*** Opening of Extracted data ***

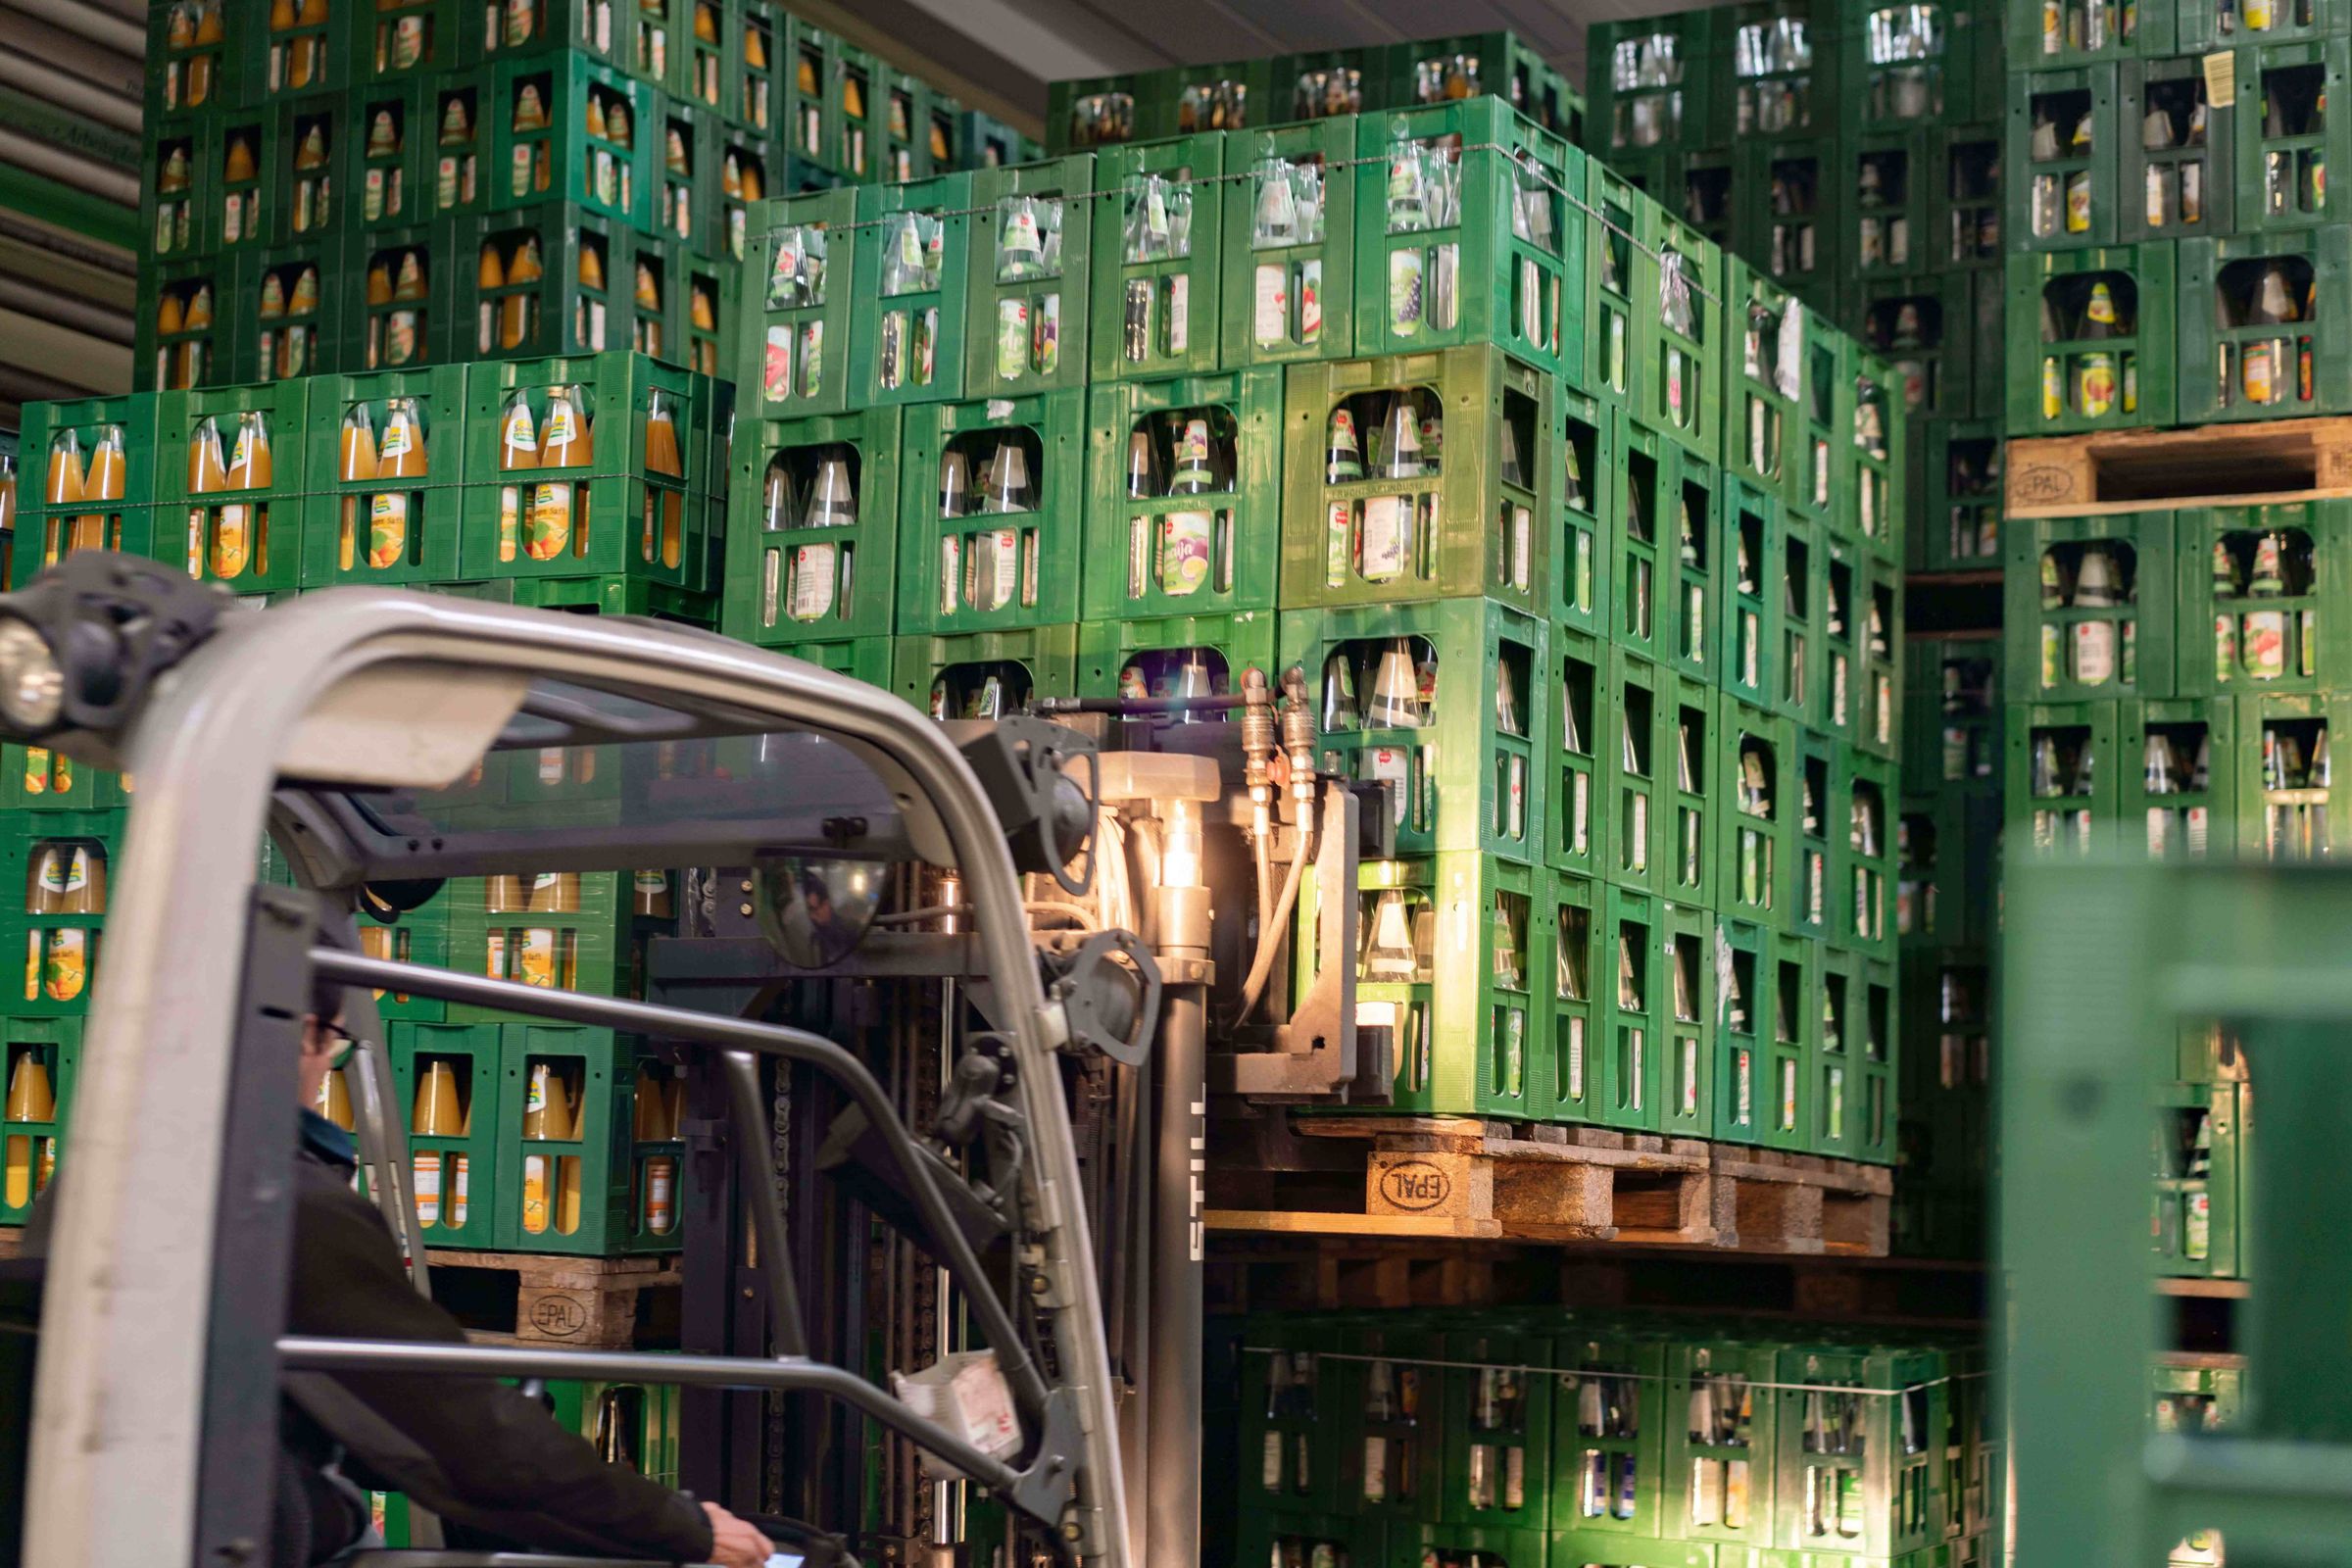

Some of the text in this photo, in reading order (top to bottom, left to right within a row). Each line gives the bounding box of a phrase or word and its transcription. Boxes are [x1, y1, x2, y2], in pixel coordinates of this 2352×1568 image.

[1190, 1082, 1206, 1261] STILL
[1392, 1173, 1442, 1199] EPAL
[538, 1302, 576, 1328] EPAL
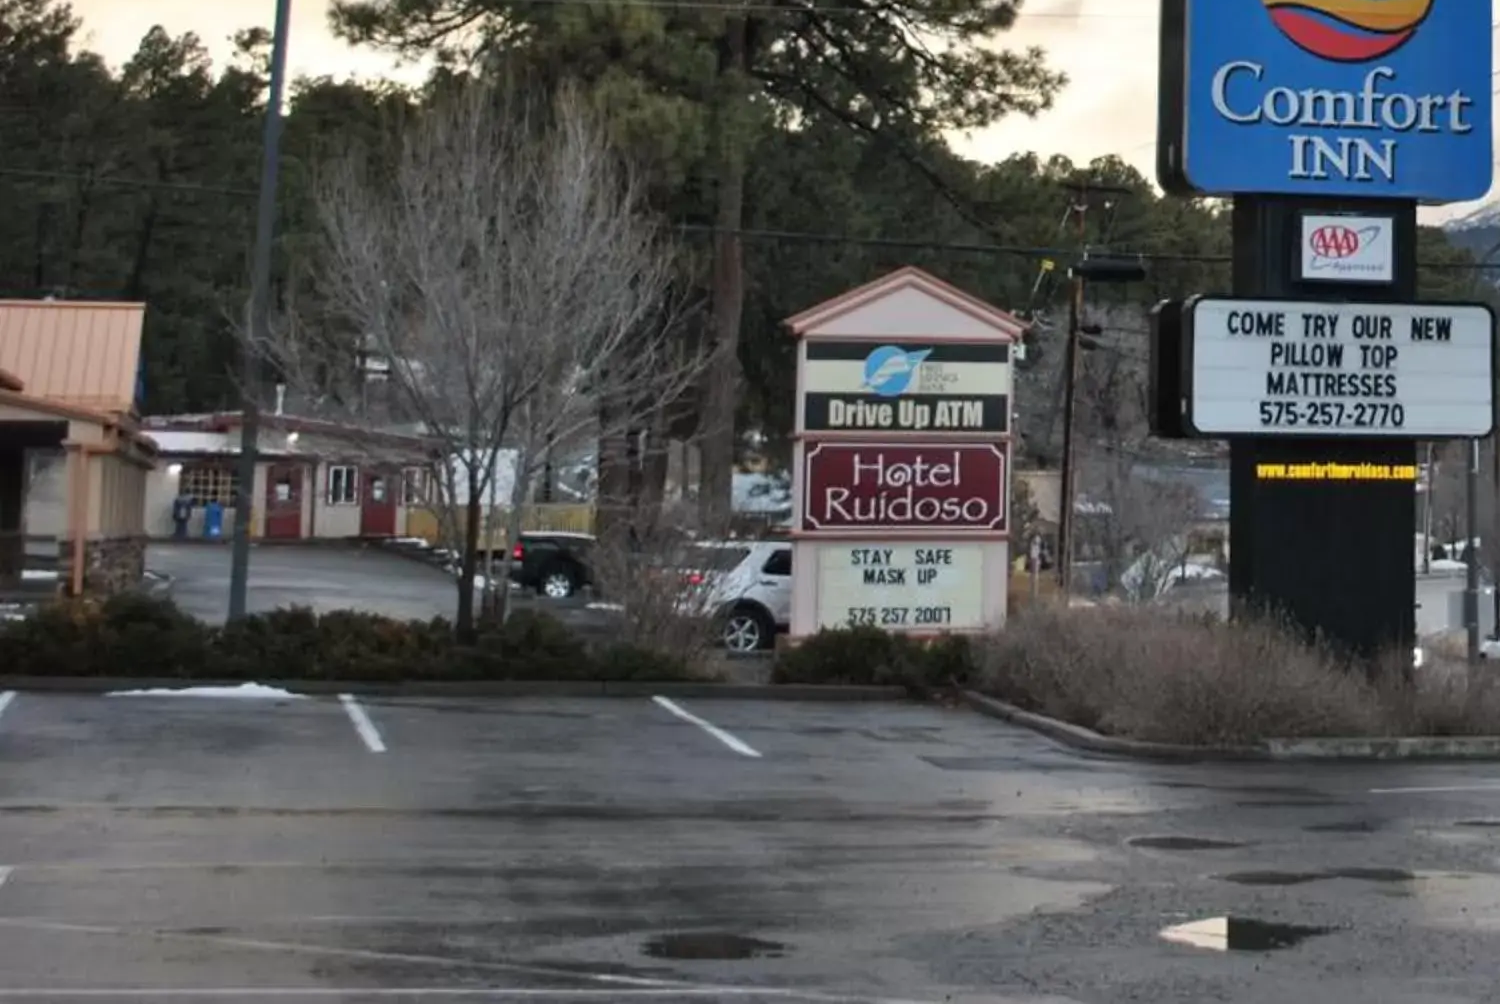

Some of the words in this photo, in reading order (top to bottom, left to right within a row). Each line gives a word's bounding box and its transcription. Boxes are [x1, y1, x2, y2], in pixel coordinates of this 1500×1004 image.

[1211, 60, 1472, 132] Comfort
[1288, 134, 1396, 180] INN
[1313, 224, 1357, 258] AAA
[1227, 311, 1285, 337] COME
[1302, 313, 1339, 338] TRY
[1352, 315, 1393, 339] OUR
[1411, 317, 1452, 341] NEW
[1270, 343, 1344, 369] PILLOW
[1360, 345, 1398, 369] TOP
[1266, 372, 1397, 397] MATTRESSES
[828, 399, 892, 428] Drive
[899, 400, 931, 430] Up
[934, 399, 984, 427] ATM
[1259, 402, 1405, 427] 575-257-2770
[852, 451, 961, 488] Hotel
[825, 486, 988, 522] Ruidoso
[851, 549, 893, 567] STAY
[915, 549, 952, 566] SAFE
[863, 569, 905, 586] MASK
[917, 569, 938, 586] UP
[848, 607, 876, 625] 575
[881, 607, 908, 625] 257
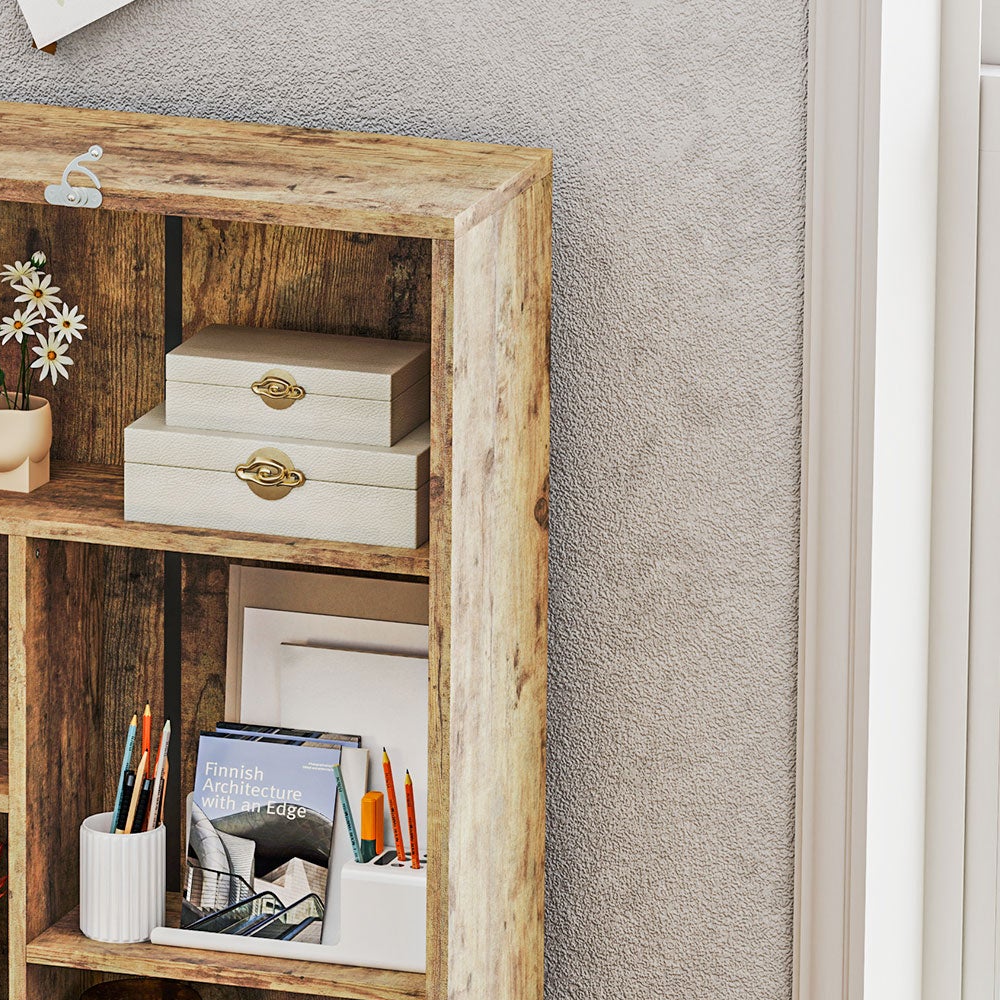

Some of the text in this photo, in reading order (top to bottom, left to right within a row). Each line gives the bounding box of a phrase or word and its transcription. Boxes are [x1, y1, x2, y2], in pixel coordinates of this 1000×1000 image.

*** Close of Extracted data ***

Work request | Restate the records above in full and word for word, but do not carry over any pictures.

Your response |
Some of the text in this photo, in reading order (top to bottom, left to right within a row). Each line gives the bounding box of a phrase or word and its transcription. Boxes are [x1, y1, x2, y2], in pixel coordinates of this 2352×1568 image.

[1190, 1082, 1206, 1261] STILL
[1392, 1173, 1442, 1199] EPAL
[538, 1302, 576, 1328] EPAL

Some of the words in this photo, in reading order (top to bottom, left to right within a row). Each line gives a word's bounding box and its transcription. Boxes are [x1, y1, x2, y2], in pixel coordinates of this 1500×1004 image.

[1211, 60, 1472, 132] Comfort
[1288, 134, 1396, 180] INN
[1313, 224, 1357, 258] AAA
[1227, 311, 1285, 337] COME
[1302, 313, 1339, 338] TRY
[1352, 315, 1393, 339] OUR
[1411, 317, 1452, 341] NEW
[1270, 343, 1344, 369] PILLOW
[1360, 345, 1398, 369] TOP
[1266, 372, 1397, 397] MATTRESSES
[828, 399, 892, 428] Drive
[899, 400, 931, 430] Up
[934, 399, 984, 427] ATM
[1259, 402, 1405, 427] 575-257-2770
[852, 451, 961, 488] Hotel
[825, 486, 988, 522] Ruidoso
[851, 549, 893, 567] STAY
[915, 549, 952, 566] SAFE
[863, 569, 905, 586] MASK
[917, 569, 938, 586] UP
[848, 607, 876, 625] 575
[881, 607, 908, 625] 257

Some of the text in this photo, in reading order (top to bottom, left to right within a row). Each line gives the bounding box of a phrase or word and its transcription. Boxes are [x1, y1, x2, y2], in pixel coordinates of this 1000×1000 image.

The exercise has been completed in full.